I'm one of those people who talks back to television. I especially talk back to ads, when they speak to me in some special way, or when they seem to miss a golden opportunity of some kind. I wonder sometimes if I haven't missed my calling to be in the advertising business.

I couldn't do market research, which would bore me to death. I'd have to work on the creative side, coming up with taglines or writing copy. I'd re-write all the ads for Progressive insurance, for example. Here's my idea. Same set-up with the bright white fake big-box retail electronics store, same actress as "Flo." Same great big nametag. The main difference - it's subtle, but I think it would be very effective - is that when "Flo" leaps out at an unsuspecting customer to chirp manically about Progressive policies, they punch her in the face. Every commercial would have the same basic script. "Flo" pops up. "Can I he-" WHAM! Memorable, eh?

I can obviously write better than the people who are putting together the awful ads for Bud Light and Chevy. The Bud Light ads where the guys express their love for Bud Light more freely than for their women? Half-assed. In my Bud Light ad, we pan over piles of greasy pizza boxes and discarded aluminum cans and brown bottles - about 4 cases' worth of Bud Light. We discover a disheveled, greasy guy in a greasy Barcalounger, apparently passed out. See? Simple story, told with bold, indelible images. Perfect.
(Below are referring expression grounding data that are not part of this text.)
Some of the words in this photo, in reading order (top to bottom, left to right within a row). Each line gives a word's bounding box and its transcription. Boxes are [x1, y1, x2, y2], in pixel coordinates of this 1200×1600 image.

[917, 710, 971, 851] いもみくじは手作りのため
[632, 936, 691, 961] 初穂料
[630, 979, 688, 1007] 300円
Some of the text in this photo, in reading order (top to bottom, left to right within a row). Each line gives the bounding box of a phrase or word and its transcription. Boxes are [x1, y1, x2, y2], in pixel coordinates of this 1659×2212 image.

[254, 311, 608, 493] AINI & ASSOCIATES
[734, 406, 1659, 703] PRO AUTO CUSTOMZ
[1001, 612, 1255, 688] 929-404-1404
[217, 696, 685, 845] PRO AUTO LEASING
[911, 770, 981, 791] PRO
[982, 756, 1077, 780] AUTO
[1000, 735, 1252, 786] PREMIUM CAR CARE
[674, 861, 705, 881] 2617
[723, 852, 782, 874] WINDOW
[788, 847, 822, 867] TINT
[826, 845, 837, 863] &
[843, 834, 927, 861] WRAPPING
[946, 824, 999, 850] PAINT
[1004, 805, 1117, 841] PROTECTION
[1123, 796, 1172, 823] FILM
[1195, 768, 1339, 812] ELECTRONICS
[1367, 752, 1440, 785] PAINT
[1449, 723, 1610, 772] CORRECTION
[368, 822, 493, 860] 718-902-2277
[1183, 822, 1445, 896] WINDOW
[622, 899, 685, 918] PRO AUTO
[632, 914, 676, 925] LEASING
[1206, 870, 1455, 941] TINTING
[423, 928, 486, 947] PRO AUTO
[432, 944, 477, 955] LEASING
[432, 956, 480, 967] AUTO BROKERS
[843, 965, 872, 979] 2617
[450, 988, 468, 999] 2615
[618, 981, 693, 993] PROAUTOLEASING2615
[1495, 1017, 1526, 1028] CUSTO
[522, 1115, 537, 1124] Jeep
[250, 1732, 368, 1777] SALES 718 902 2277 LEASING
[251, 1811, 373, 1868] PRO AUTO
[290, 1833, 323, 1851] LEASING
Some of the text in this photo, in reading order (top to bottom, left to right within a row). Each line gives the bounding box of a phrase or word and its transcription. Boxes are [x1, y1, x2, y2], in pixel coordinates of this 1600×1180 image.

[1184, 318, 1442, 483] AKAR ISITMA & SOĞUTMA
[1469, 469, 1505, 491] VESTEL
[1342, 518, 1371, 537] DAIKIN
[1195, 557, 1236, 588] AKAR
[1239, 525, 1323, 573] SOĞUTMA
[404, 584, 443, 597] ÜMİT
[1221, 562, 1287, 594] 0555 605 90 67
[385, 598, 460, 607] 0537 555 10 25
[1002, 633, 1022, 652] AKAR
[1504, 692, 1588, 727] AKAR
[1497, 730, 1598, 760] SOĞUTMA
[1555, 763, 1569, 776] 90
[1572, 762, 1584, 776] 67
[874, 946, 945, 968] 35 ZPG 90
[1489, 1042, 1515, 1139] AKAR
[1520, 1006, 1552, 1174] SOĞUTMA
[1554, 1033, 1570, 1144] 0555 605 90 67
And then, Chevy. Here I think we want to identify our target audience. Sell Tahoes by showing them in use - being driven very badly on crowded freeways by people who are totally oblivious, or possibly comatose. Avalanches being driven aggressively, tailgating and swinging wildly from lane to lane, with, of course, nothing in the truck.

Not only am I a veritable font of brilliant advertising ideas, I also have experience in the very similar field of higher ed. All we really do in higher ed is persuade people to believe things without any evidence or reasoning, right? Right?